Вторая история, которую я хочу вам объявить. Я вам напомню, что у нас вышел новый номер «Дилетанта», я вам пришлю, Владимир Борисович, который посвящен Алжирской войне и ее последствиям. Я вам должен сказать, что я прочитал стенограмму заседания парламента Национального собрания 1999 года, через 35 лет после войны, на котором был принят закон, что войну надо называть войной. Потому что до того она называлась специальной военной операцией, наведением конституционного порядка, а в школьных учебниках писали «это событие». 35 лет после окончания.
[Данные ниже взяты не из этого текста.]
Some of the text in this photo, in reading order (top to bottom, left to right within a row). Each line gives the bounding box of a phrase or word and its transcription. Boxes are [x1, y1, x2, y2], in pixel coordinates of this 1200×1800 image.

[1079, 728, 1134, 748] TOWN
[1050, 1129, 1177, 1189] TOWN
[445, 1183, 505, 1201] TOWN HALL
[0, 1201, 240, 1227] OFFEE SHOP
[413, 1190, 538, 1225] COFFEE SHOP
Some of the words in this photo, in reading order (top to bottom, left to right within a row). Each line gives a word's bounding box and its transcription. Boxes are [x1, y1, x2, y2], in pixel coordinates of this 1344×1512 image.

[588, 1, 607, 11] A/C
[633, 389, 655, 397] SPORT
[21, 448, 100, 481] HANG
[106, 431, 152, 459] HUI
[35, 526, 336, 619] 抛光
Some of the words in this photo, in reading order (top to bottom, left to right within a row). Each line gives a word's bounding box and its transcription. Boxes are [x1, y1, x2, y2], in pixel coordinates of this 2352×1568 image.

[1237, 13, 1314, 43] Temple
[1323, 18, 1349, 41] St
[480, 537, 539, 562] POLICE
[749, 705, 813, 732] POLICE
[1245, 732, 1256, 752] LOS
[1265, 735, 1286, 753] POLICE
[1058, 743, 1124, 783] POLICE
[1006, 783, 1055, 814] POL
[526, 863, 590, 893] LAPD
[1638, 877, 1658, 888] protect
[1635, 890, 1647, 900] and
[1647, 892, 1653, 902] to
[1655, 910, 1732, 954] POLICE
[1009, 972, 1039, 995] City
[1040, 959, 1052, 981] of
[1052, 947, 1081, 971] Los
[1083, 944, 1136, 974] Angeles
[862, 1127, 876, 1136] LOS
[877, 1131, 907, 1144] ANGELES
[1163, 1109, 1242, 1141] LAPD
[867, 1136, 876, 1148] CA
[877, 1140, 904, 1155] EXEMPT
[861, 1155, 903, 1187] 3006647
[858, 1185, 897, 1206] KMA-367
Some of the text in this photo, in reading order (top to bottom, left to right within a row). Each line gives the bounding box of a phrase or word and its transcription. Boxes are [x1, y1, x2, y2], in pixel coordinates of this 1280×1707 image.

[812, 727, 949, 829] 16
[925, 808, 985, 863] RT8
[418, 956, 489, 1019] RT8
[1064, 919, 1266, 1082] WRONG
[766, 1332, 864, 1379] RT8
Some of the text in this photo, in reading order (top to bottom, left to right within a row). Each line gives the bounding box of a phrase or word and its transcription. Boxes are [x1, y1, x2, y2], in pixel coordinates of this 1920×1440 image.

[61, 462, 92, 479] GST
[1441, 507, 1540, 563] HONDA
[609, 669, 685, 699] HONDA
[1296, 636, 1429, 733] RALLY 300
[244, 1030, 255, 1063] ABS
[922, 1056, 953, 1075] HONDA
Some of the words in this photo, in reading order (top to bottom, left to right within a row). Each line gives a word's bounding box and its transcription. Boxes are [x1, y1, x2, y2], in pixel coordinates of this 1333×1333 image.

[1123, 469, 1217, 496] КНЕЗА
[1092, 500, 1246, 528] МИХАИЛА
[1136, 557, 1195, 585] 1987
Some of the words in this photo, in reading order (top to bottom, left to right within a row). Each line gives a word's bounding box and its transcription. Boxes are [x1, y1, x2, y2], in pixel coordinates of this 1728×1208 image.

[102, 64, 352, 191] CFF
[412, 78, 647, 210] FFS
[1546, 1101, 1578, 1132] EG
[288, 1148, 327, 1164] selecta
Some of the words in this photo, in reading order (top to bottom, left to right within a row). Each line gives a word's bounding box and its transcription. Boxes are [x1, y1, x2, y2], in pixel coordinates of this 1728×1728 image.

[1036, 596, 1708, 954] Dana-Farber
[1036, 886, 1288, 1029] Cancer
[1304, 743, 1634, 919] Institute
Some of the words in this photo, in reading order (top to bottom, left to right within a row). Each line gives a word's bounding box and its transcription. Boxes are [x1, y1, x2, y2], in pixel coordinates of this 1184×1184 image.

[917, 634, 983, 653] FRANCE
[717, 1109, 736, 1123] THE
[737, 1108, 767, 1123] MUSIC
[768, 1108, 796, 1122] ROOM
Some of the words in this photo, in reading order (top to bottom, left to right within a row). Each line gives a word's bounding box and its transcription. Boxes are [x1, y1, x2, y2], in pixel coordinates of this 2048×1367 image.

И там идут дебаты.
И вот в нашем номере «Дилетанта», который на Diletant.shop. Посмотрите. Этот номер посвящен Алжирской войне и ее последствиям, которые продолжаются. Прошло уже сколько лет. Да, 52, если не 62. Оно продолжается и продолжается.
И, наконец, последнее. Ну, конечно, у нас стоит и книга Нины Львовны Хрущевой еще. Вышел 14-й номер «Горби», где есть отрывочки из дневников президента Рейгана по этому вопросу. Но вот завтра я еще выставлю, я уже выставил, но принесу в студию, если вы не успеете купить, у меня есть книги с автографами Николая Крючкова и Леонида Утесова. Автографы. Так что если вам нужно срочно сделать какой-то подарок дорогим вам людям, если вы не успеете до завтрашнего утра, когда я приду, я это принесу в студию и там продам. Спасибо большое, Владимир Борисович.
В. ПАСТУХОВ: Алексей Алексеевич, спасибо большое.
А. ВЕНЕДИКТОВ: И счастливо. Будем через раз. У нас, наверное, уйдет на историю президентских выборов, вообще выборов в США через раз. А на следующей неделе мы к этому будем готовиться, мыть шею и все прочее.
В. ПАСТУХОВ: Да. Шею точно мыть придется.
А. ВЕНЕДИКТОВ: Да, шею, я боюсь, всему миру. Поэтому помните, что расход воды во всем мире пресной – большое дело. Всем пока. Спасибо большое. Лайки не забывайте ставить.
В. ПАСТУХОВ: Спасибо большое. Всего доброго.